One notable vein of shunga is nanshoku, translating as ‘male colours’ and referring to gay erotic depictions. Images derived from ancient myth, the military, religion, theatre, class, and prostitution feature samurai or Buddhist monks engaging in gay sex with men often dressed as geisha.
Shunga, or Japanese erotic art, was prolific in Japan during the Edo period, from 1603 to 1868. Printed with woodblock and produced in a broad spectrum of colours and details, the scrolls were intimate, erotic, and sometimes humorous. The aesthetic is said to be influenced by the illustrations of Chinese medicine manuals as well as the work of Zhou Fang, a Chinese painter from the Tang dynasty era who painted oversized genitals, which later became characteristic of many shunga artists.
Roles and Rituals
The scenes contain a complex morality when considered by contemporary standards. The images often depict a sexuality derived from practices within monasteries when an older partner such as a priest or a monk would have sex with a younger, often pre-pubescent partner. These religious practices were replicated in samurai circles, and young samurai would be sent to Buddhist monasteries during training. Many would enter into same sex relationships with older monks.

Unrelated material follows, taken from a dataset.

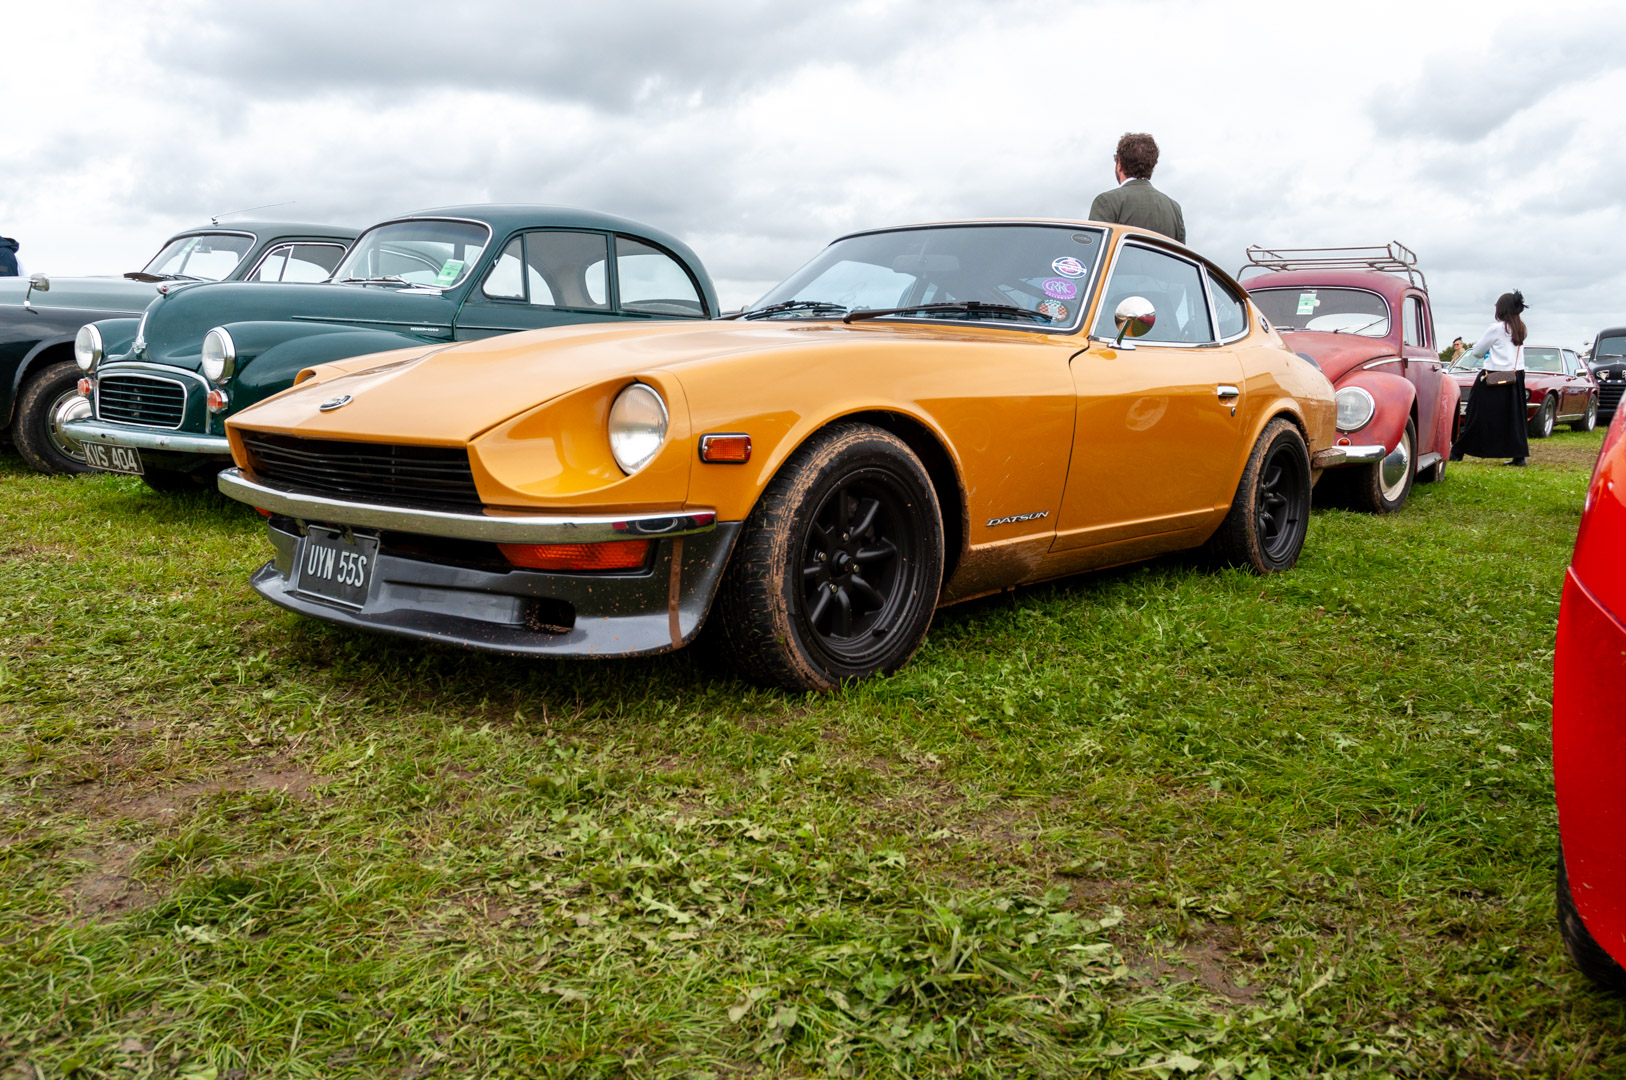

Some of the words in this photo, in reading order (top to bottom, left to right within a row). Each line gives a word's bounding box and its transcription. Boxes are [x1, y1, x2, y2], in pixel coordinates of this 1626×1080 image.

This age-structured sexuality came to be known as shudo, meaning ‘way of the young’. The prevalence of male homosexuality has often been attributed to the gender imbalance of the population during the Edo period, which was about 70% male, and the scenes in which partners are dressed in women’s attire refers to onnagata from Kabuki theatre, where men would play women’s roles.
Shunga, which euphemistically translates as ‘pictures of spring,’ is an important aesthetic reference in Japanese culture, with even artists such as Hokusai producing work in this vein.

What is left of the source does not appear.